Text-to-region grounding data
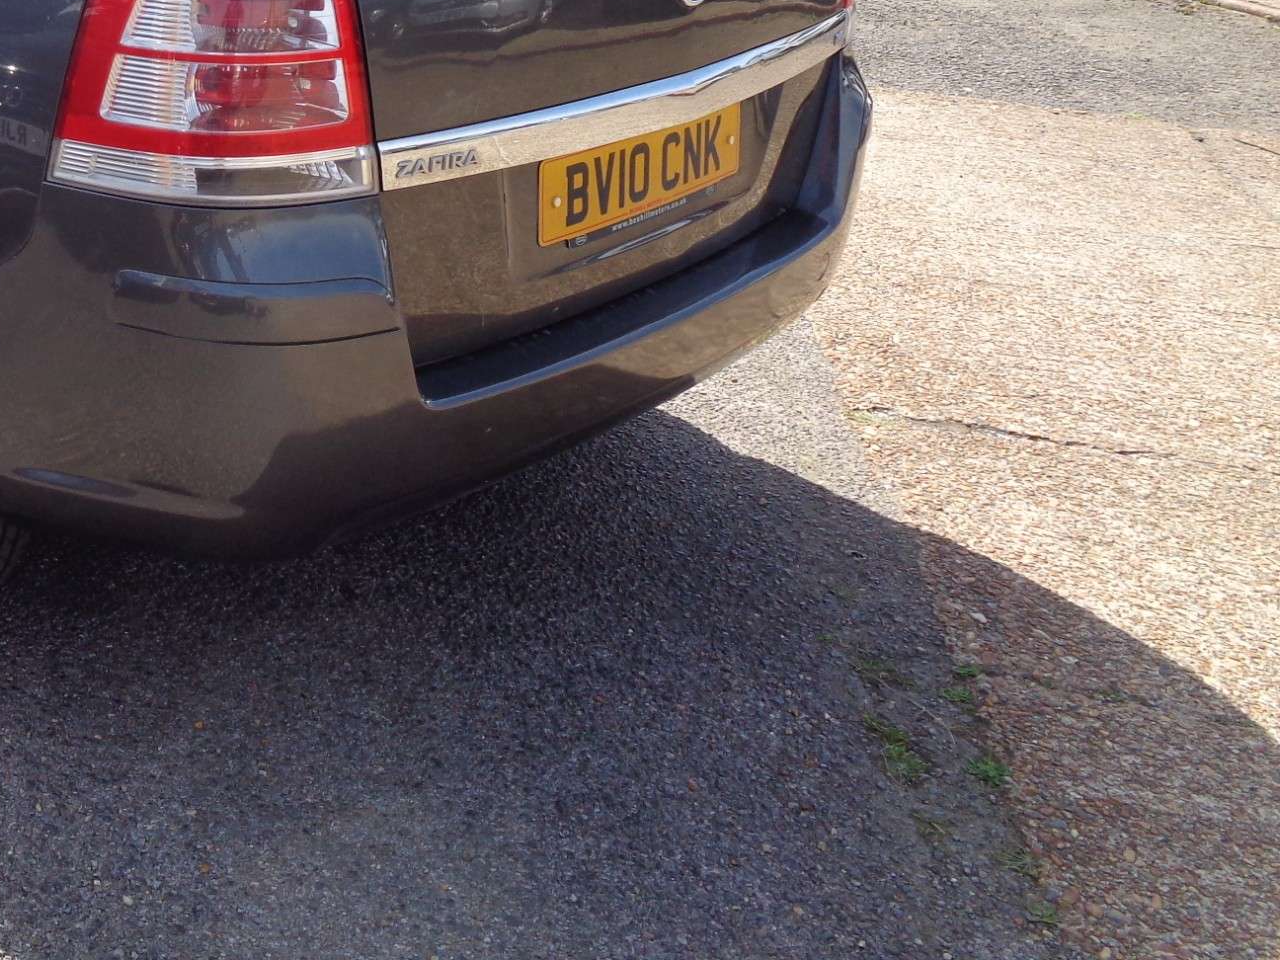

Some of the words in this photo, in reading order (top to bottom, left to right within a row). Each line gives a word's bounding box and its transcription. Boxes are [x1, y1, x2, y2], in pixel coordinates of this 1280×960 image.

[395, 148, 479, 178] ZAFIRA
[565, 141, 651, 228] BV10
[661, 113, 723, 192] CNK
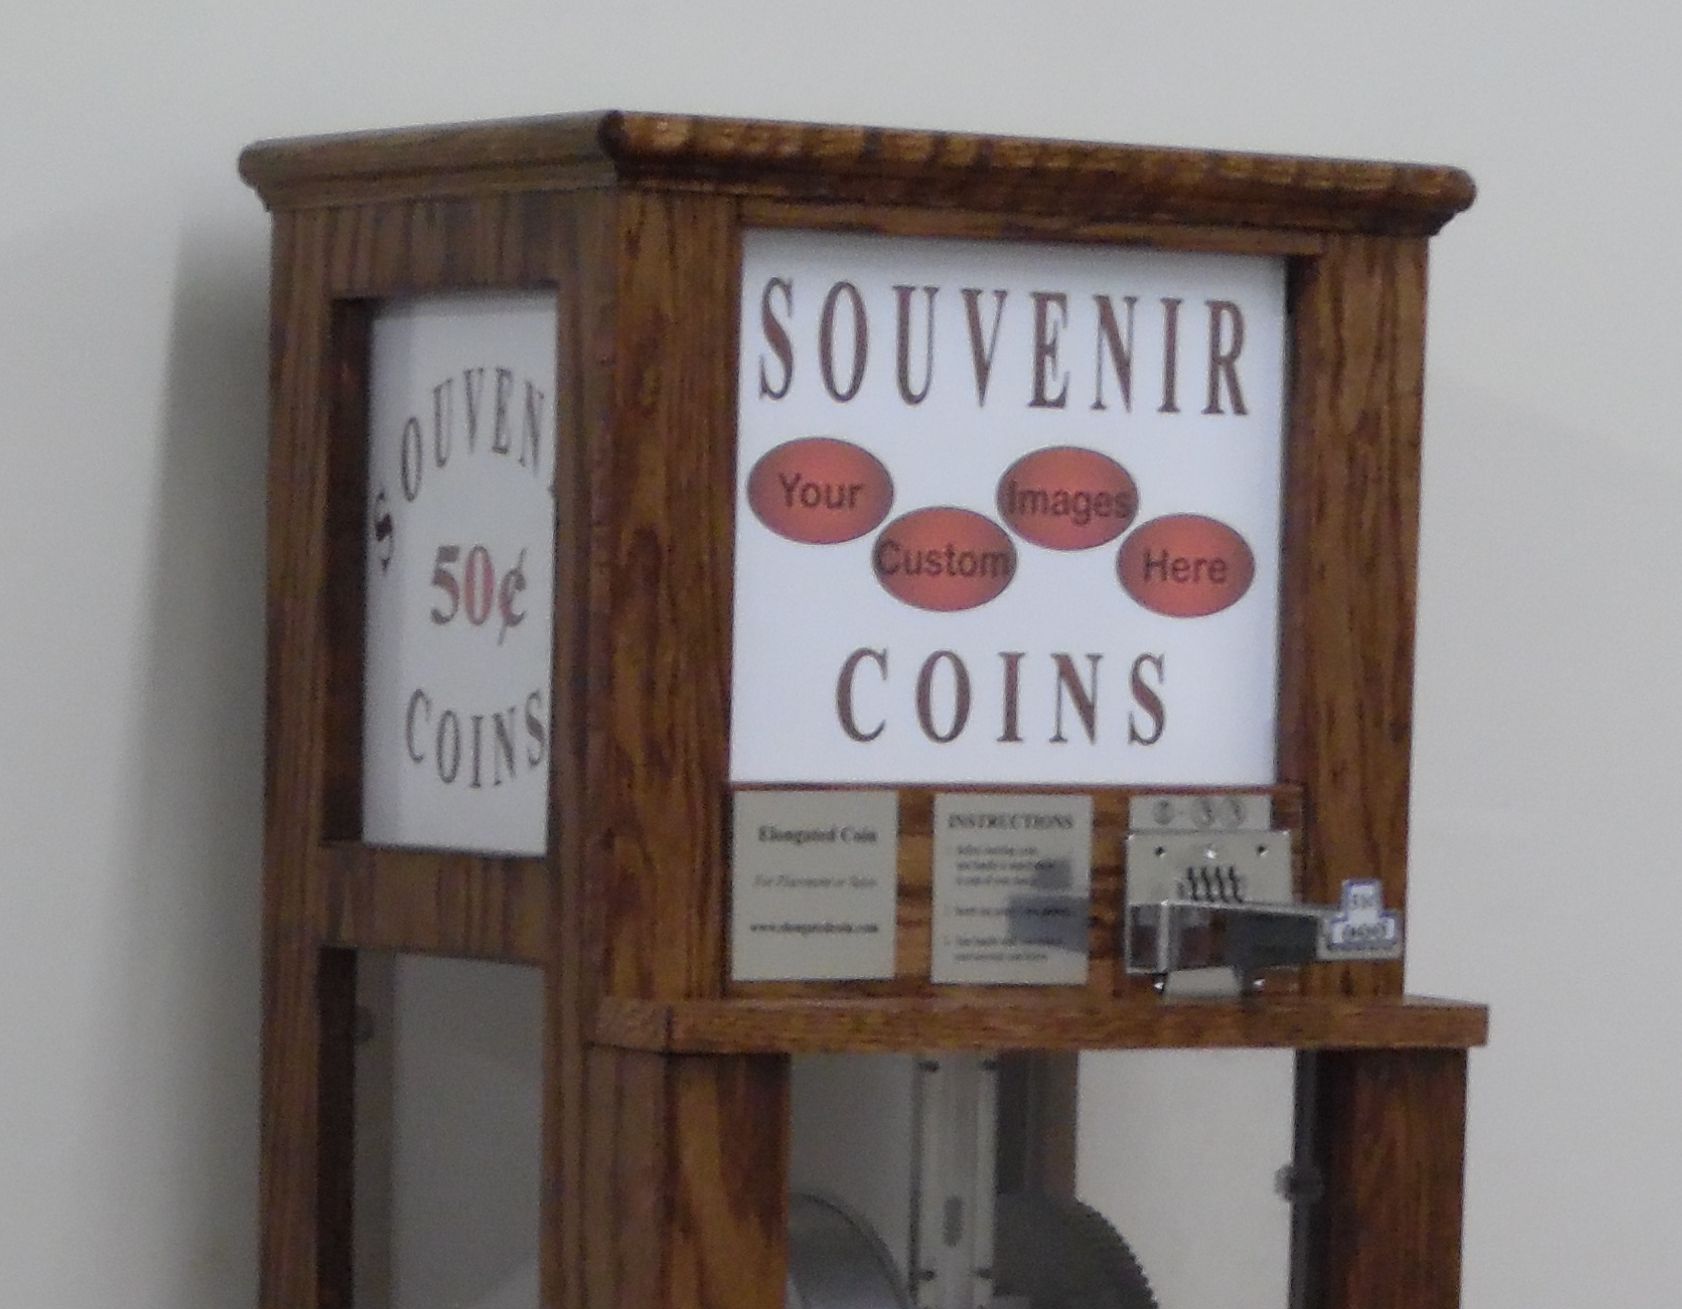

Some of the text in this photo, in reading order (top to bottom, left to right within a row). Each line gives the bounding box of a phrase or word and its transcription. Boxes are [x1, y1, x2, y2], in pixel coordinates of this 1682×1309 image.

[758, 275, 1249, 416] SOUVENIR
[779, 472, 864, 509] Your
[1008, 479, 1132, 528] Images
[875, 540, 1013, 578] Custom
[1142, 549, 1228, 585] Here
[430, 545, 527, 646] 50¢
[835, 647, 1167, 747] COINS
[405, 688, 546, 788] COINS
[840, 825, 878, 843] Coin
[948, 813, 1074, 830] INSTRUCTIONS

> **What needs to be done**: Output all the records above exactly, but without their images.

> **Result for this task**:
Some of the words in this photo, in reading order (top to bottom, left to right within a row). Each line gives a word's bounding box and its transcription. Boxes are [x1, y1, x2, y2], in pixel coordinates of this 1280×960 image.

[395, 148, 479, 178] ZAFIRA
[565, 141, 651, 228] BV10
[661, 113, 723, 192] CNK

Some of the text in this photo, in reading order (top to bottom, left to right within a row). Each line gives the bounding box of a phrase or word and its transcription. Boxes are [x1, y1, x2, y2], in pixel coordinates of this 1682×1309 image.

[758, 275, 1249, 416] SOUVENIR
[779, 472, 864, 509] Your
[1008, 479, 1132, 528] Images
[875, 540, 1013, 578] Custom
[1142, 549, 1228, 585] Here
[430, 545, 527, 646] 50¢
[835, 647, 1167, 747] COINS
[405, 688, 546, 788] COINS
[840, 825, 878, 843] Coin
[948, 813, 1074, 830] INSTRUCTIONS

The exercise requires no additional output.